Providing L.A.’s most vulnerable households with air conditioners — as New York City did during the pandemic, giving away some 74,000 of them — is just one idea on the table as L.A. County develops a heat action plan, says Elizabeth Rhoades, director of L.A. County health department’s climate-change and sustainability program. Last month, the county’s board of supervisors voted to move forward on crafting such a plan — as directed by the county’s ambitious sustainability agenda — which would not just improve cooling-center access but also designate bathrooms, showers, and kitchens for public use in emergencies. Climate Resolve is currently piloting one “resilience hub” in Boyle Heights, and although widespread access to such amenities will come too late for this summer, it will better prepare the region for next year.
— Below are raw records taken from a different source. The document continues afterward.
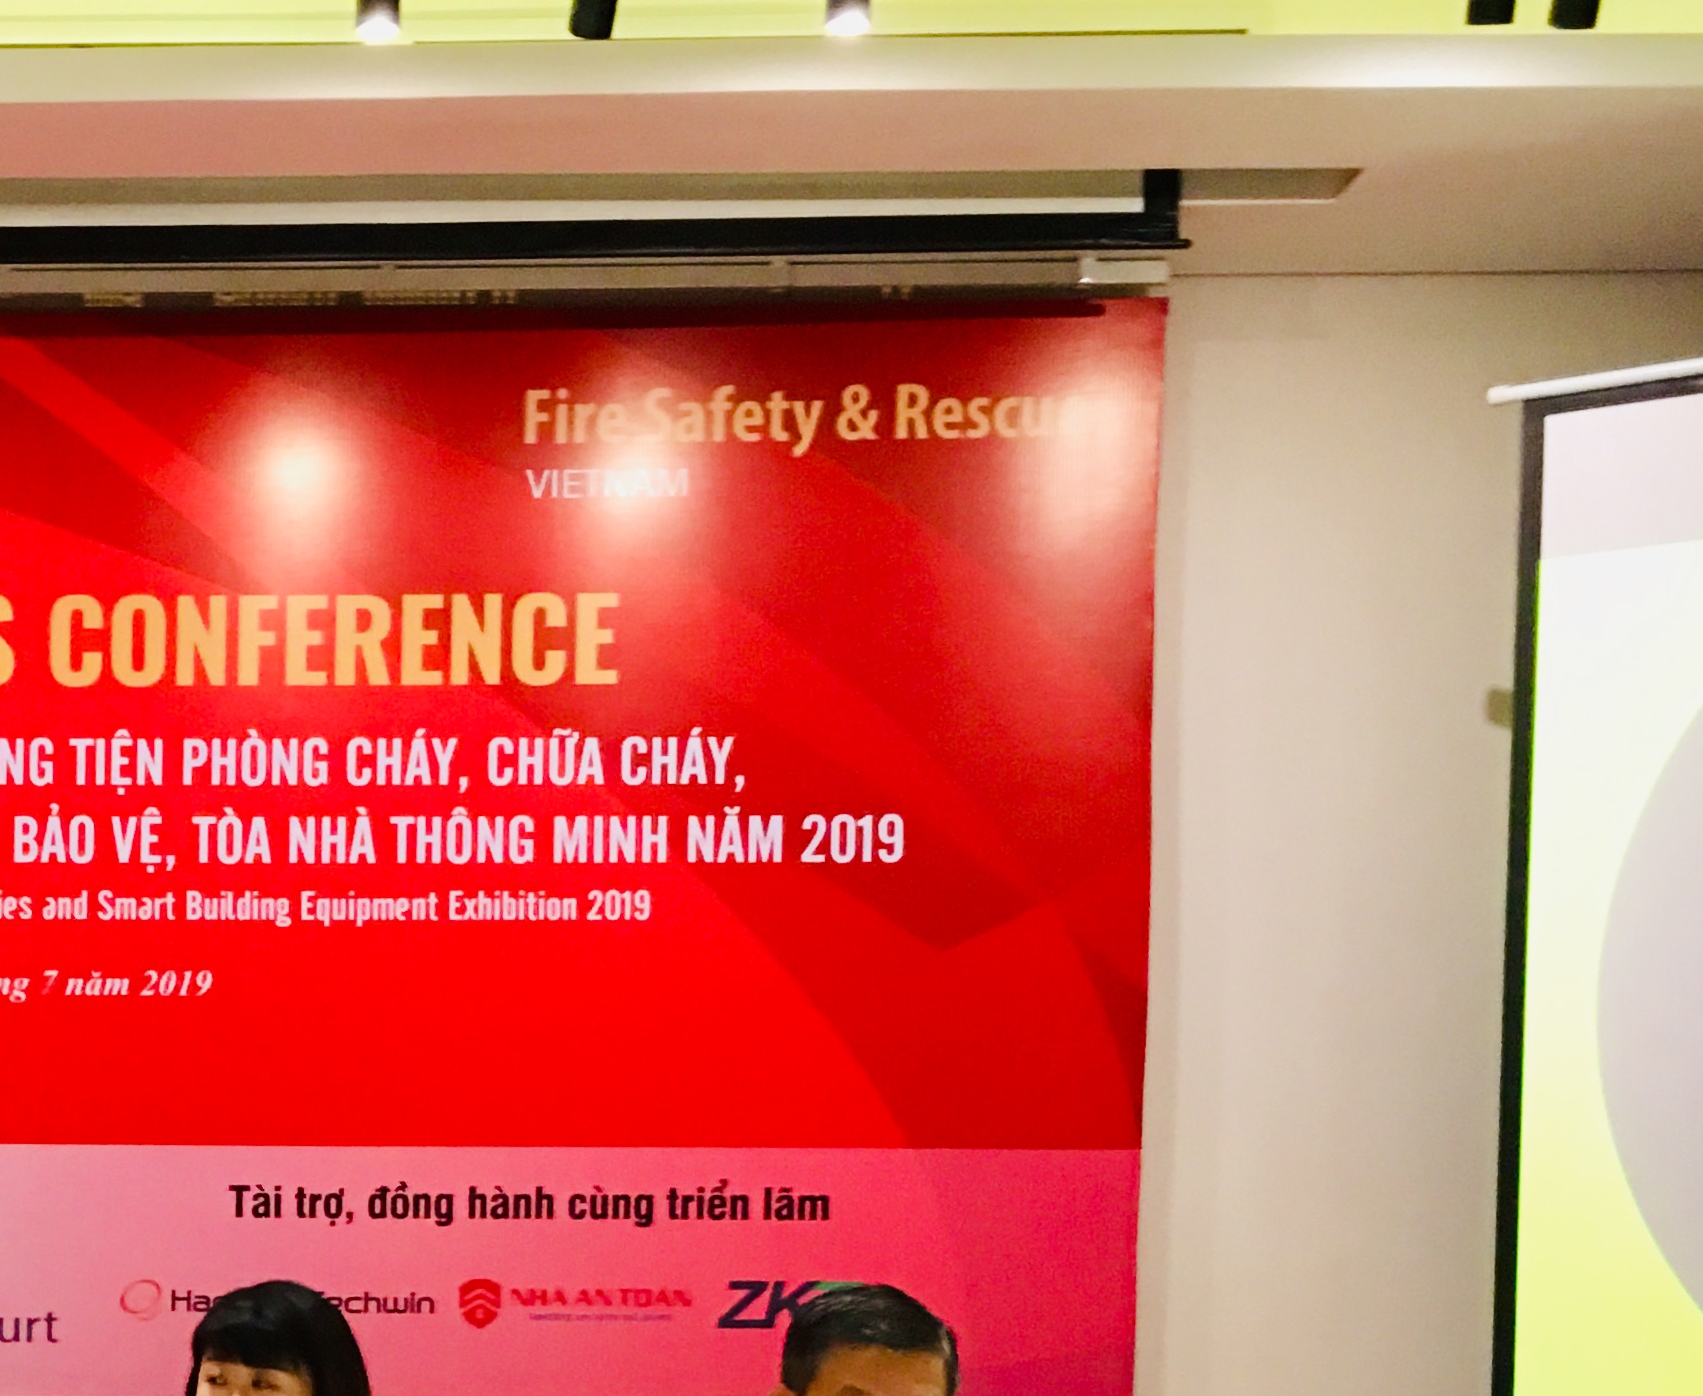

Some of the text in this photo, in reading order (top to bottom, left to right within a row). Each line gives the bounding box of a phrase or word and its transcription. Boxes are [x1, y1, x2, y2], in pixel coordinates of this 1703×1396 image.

[522, 388, 627, 444] Fire
[640, 384, 824, 459] Safety
[836, 383, 879, 441] &
[525, 467, 690, 499] VIETNAM
[48, 591, 620, 688] CONFERENCE
[68, 727, 164, 796] TIỆN
[182, 727, 329, 787] PHÒNG
[345, 727, 470, 794] CHÁY,
[487, 728, 605, 786] CHỮA
[620, 726, 746, 794] CHÁY,
[12, 802, 95, 864] BẢO
[111, 806, 176, 873] VỆ,
[192, 806, 272, 865] TÒA
[288, 806, 376, 865] NHÀ
[390, 805, 536, 865] THÔNG
[552, 814, 669, 865] MINH
[686, 805, 784, 865] NĂM
[800, 813, 906, 865] 2019
[41, 890, 89, 920] and
[97, 889, 175, 921] Smart
[185, 890, 292, 928] Building
[300, 890, 439, 927] Equipment
[448, 889, 578, 921] Exhibition
[586, 889, 652, 922] 2019
[40, 969, 59, 996] 7
[63, 970, 130, 997] năm
[139, 969, 214, 997] 2019
[227, 1178, 831, 1228] Tài trợ, đồng hành cùng triển lãm
[320, 1291, 436, 1315] echwin
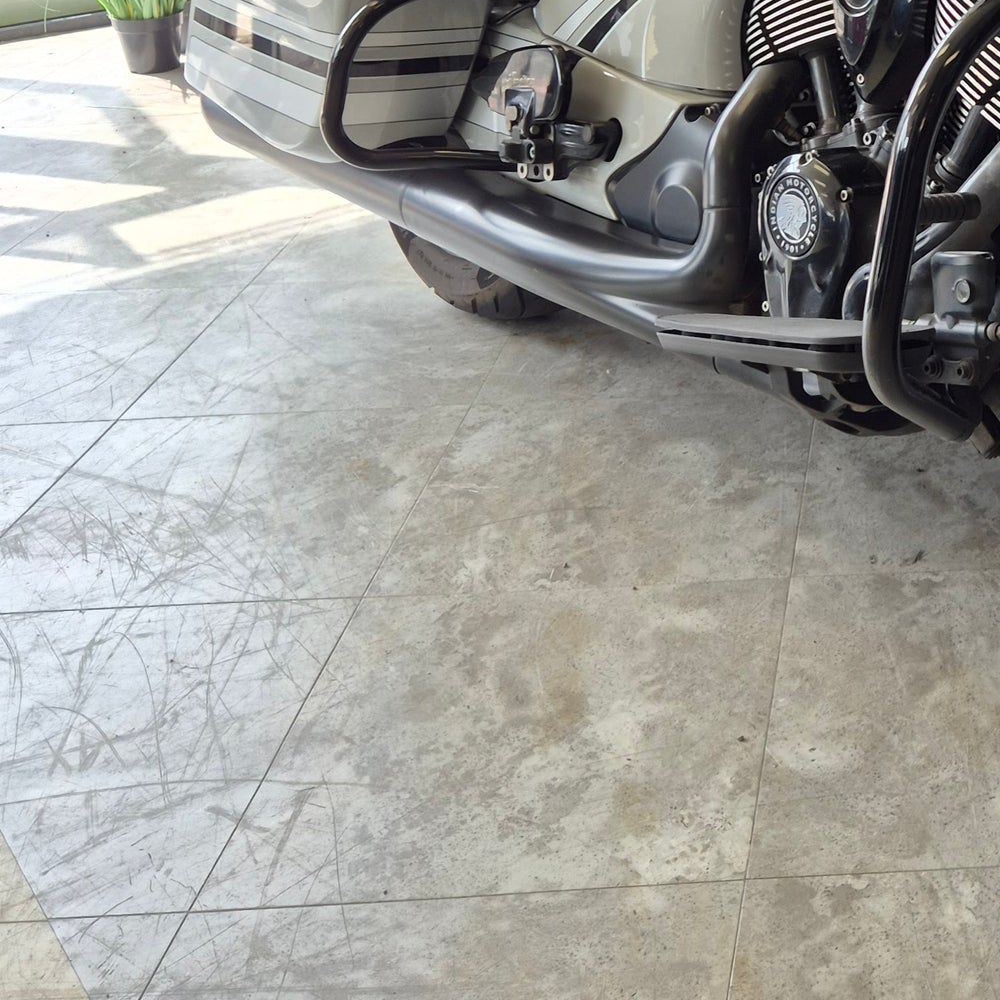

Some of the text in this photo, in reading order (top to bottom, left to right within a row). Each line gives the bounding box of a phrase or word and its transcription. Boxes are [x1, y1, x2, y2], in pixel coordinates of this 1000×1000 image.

[770, 178, 818, 246] INDIAN MOTORCYCLE
[780, 240, 799, 253] 1901
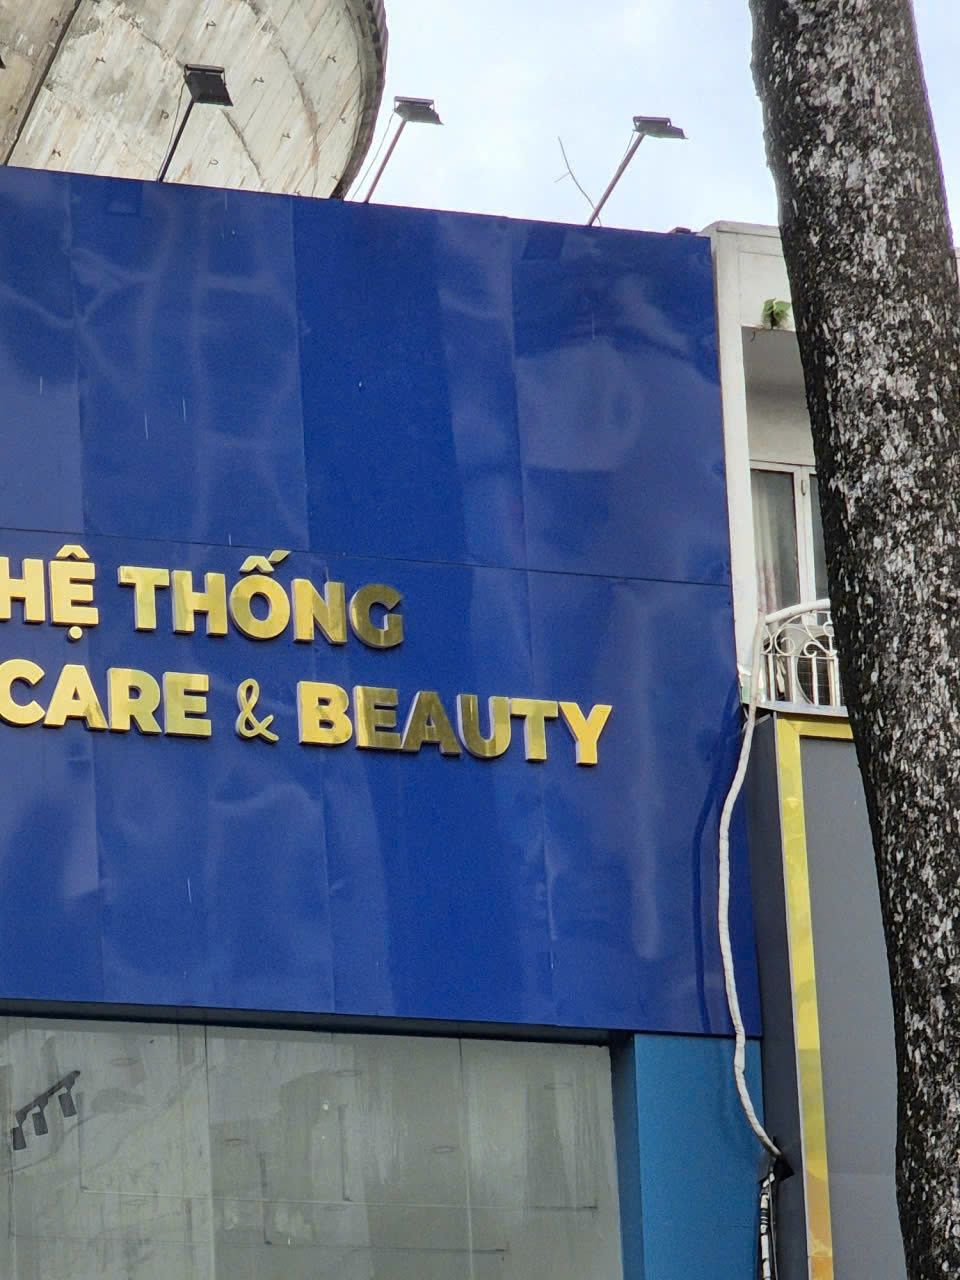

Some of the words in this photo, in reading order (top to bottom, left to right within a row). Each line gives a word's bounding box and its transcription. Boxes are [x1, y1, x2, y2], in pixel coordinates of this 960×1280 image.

[117, 549, 405, 649] THỐNG
[236, 678, 279, 743] &
[297, 680, 613, 766] BEAUTY
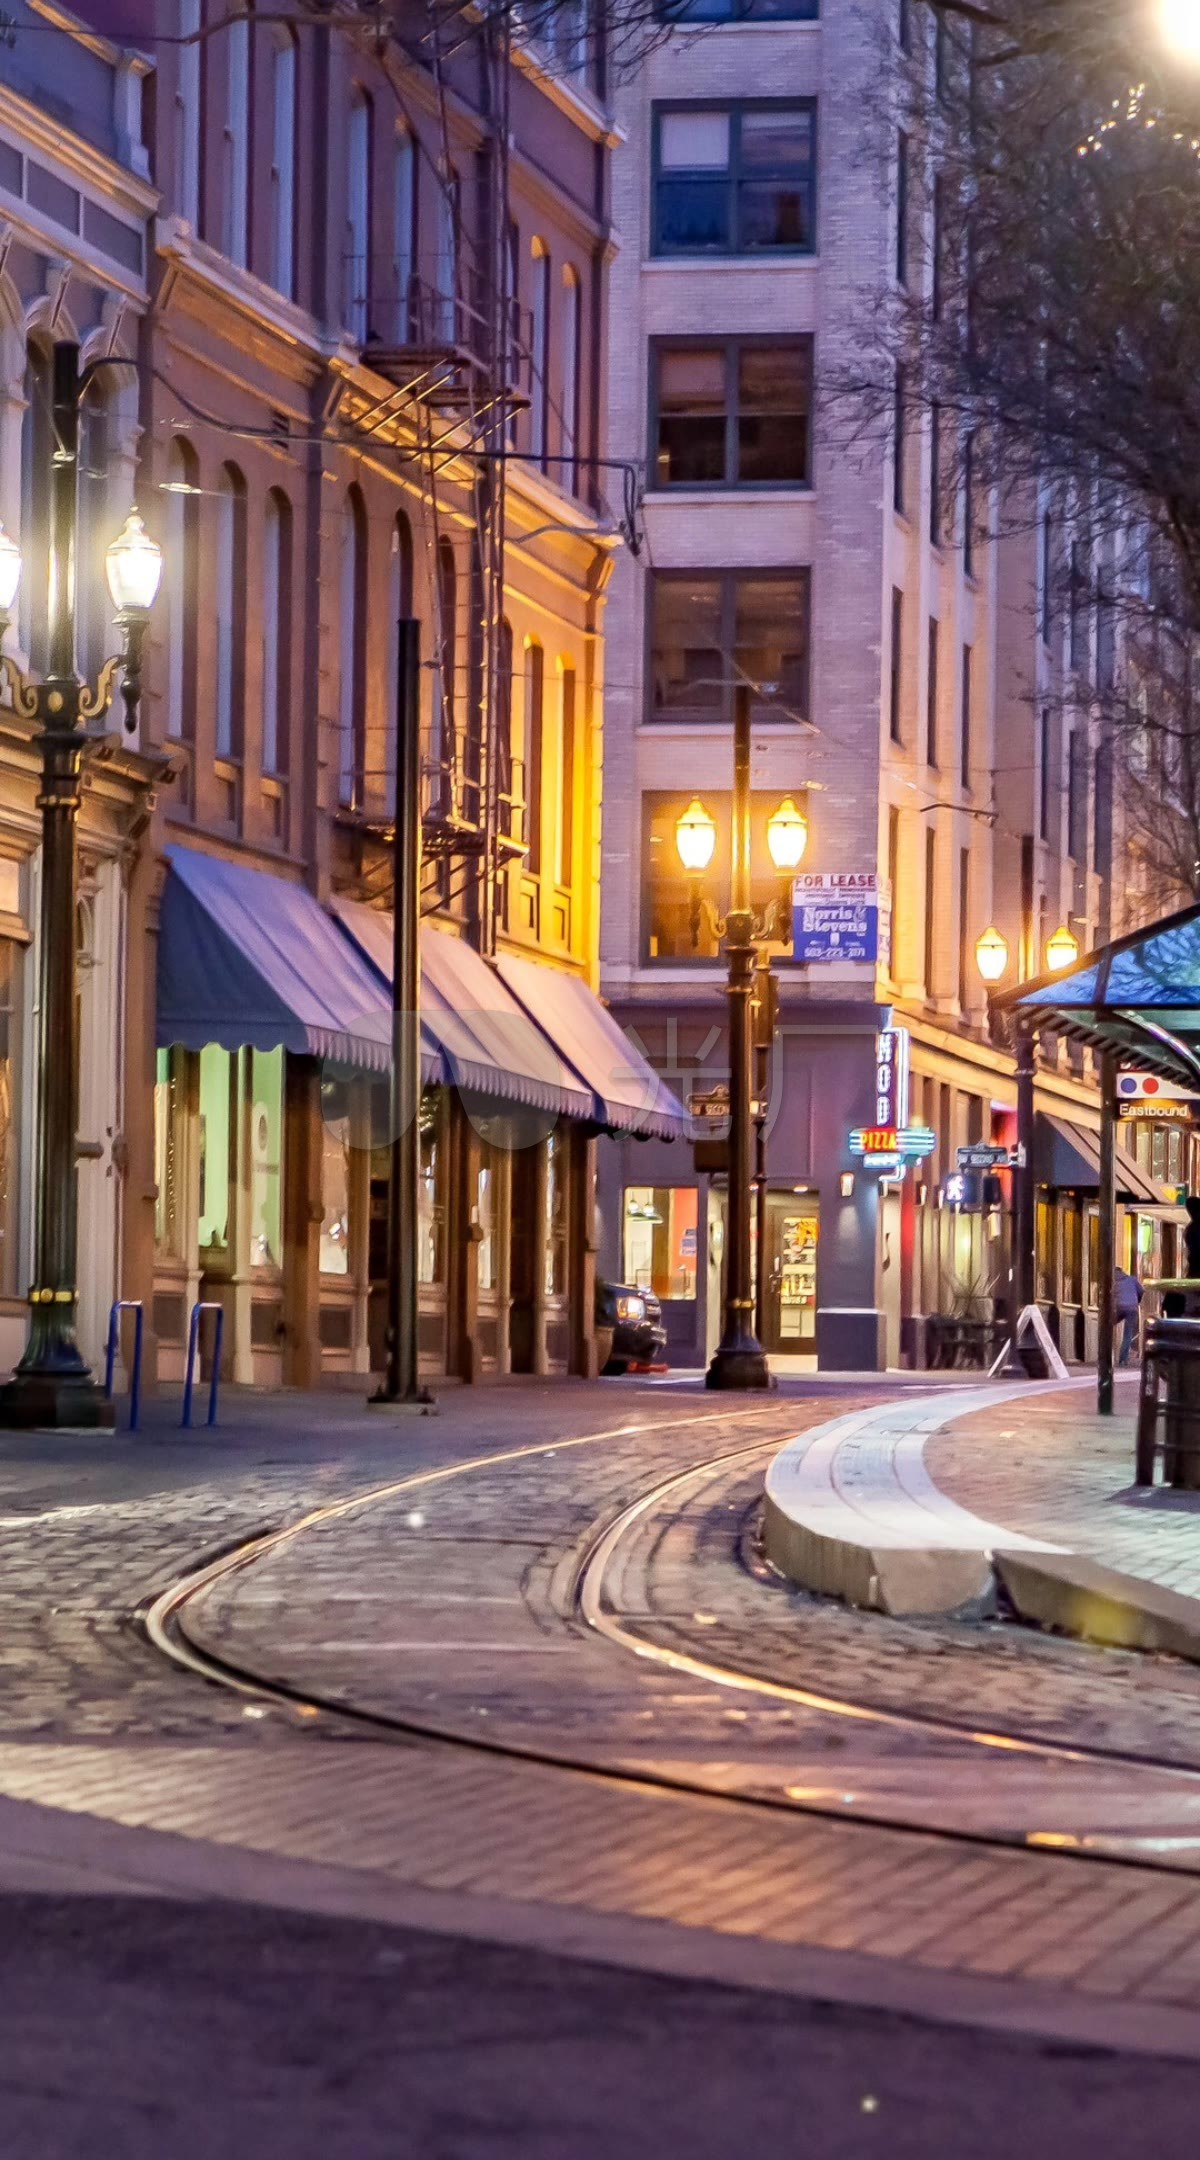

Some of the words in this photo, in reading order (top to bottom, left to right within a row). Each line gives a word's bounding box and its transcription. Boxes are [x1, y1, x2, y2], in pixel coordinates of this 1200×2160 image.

The loss of L.A.’s informal cooling centers — malls, office towers, libraries, movie theaters, splash pads — under social-distancing guidelines is what’s making this summer’s heat waves exceptionally challenging. But the availability of official cooling centers was also inexplicably reduced during the pandemic. The city of L.A. — home to 4 million people — opened only five cooling centers with a combined capacity of 200 people. On Sunday, after a week of public pleas from homeless service providers, Los Angeles City Councilmember Herb Wesson reopened a South L.A. mall as a sixth cooling center. But at 8 p.m. on Sunday, when all emergency facilities closed, temperatures remained over 100 degrees in most parts of the city, bringing no respite for those who had to once again face the elements, including 40,000 unsheltered Angelenos living in tents, improvised structures, or vehicles who clustered around the city’s freeway overpasses, the only shade structures provided by the city.

Advocates stepped in to fill the gaps in emergency efforts. At dusk at a camp in Koreatown that has grown three times in size since the start of the pandemic, mutual-aid groups handed out cold water bottles with cores of ice frozen at the center. Volunteers took to social media to exchange instructions for making battery-powered swamp coolers out of Styrofoam ice chests. Protesters gathered outside Garcetti’s house demanding that city buildings be opened to give homeless residents access to air-conditioning and drinking fountains.

As I went to bed that night, all I could think about were the thousands of still-empty rooms that L.A.’s mayor might, in some alternate timeline, have already commandeered to provide shelter for 15,000 unhoused Angelenos. I thought about hundreds of HVAC systems running at full capacity to chill cavernous, vacant hotel ballrooms. I thought of the climate-controlled indoor city that is L.A.’s Convention Center, which at one point was prepared to welcome thousands of COVID-19 patients, with neat grids of hospital beds stationed six feet apart, less than a mile from Skid Row.

Early Monday morning, ash from the wildfires started to fall across the city like snow flurries, compounding the public-health threat into triple crises of COVID-19, extreme heat, and toxic air pollution. It was the United Nations’ International Day of Clean Air, and with Garcetti now the chair of a global climate-action consortium, the city of L.A.’s social-media accounts eagerly pushed out videos heralding how L.A. is reducing emissions while “adapting to the needs of Angelenos during times of crisis.”